MATLAB: Pca() output: which weight belongs to which factor

factor weightpca

Hi all,
I have a matrix with 14 variables and 113 observations. In the end, I would like to know something like 'variable 4 accounts for 60% of the variance in my data, variable 3 for 26% etc.'. I think the command I need is pca(), but I don't really understand how to get from Matlab's output to 'this variable explains this much of much data'. Can anyone help? 🙂

Best Answer

But that is NOT what you get from PCA. PCA tells you that some linear combination of the variables is important, or not. It does NOT tell you how much variance can be attributed to any single original variable.
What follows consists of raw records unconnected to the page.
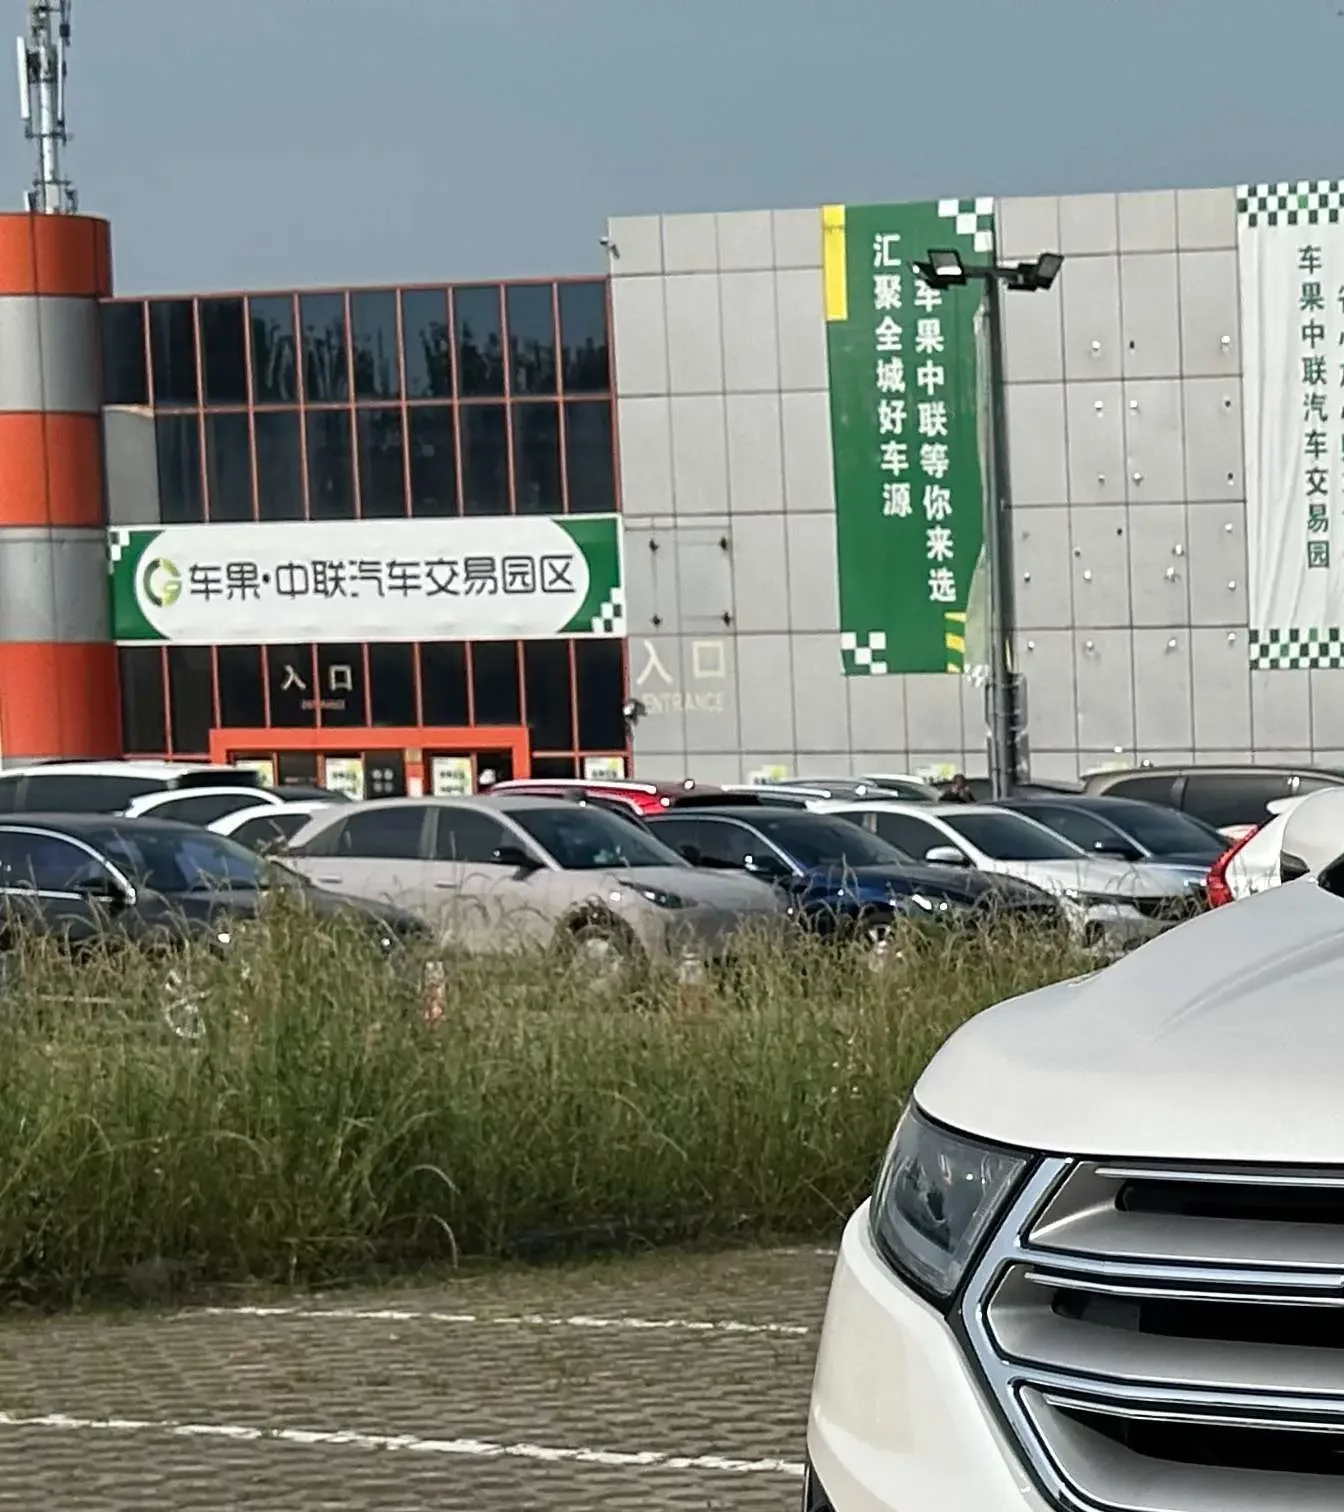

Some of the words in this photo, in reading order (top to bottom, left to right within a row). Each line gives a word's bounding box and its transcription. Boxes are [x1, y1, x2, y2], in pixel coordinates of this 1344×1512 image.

[873, 234, 913, 517] 汇聚全城好车源
[914, 278, 957, 602] 车果中联等你来选
[1298, 245, 1330, 569] 车果中联汽车交易园
[281, 664, 353, 691] 入口
[636, 640, 726, 686] 入口
Sorry, but I think you need to do some reading about PCA, and about statistics in general. If that is your goal, then you don't need PCA.
In fact, in general IF you were to do the computation that you seem to be asking for, thus computing the amount of variance that could be attributed to each variable in your model? Then as long as the different variables had any non-zero correlations at all, then the total amount of the percentages you arrive at will always be greater than 100%. So the total of your variables explains more than 100% of the variance in your data.
In fact, for a quick computation on a completely random matrix.
A = randn(113,14);
I found that the 14 variables in this completely random problem explain in total something like 272% of the total variation in this dataset, not a cumulative 100%. But 272%. And since we know the data was completely random, that seems a paradox. The real paradox is that what you want to do is not really meaningful.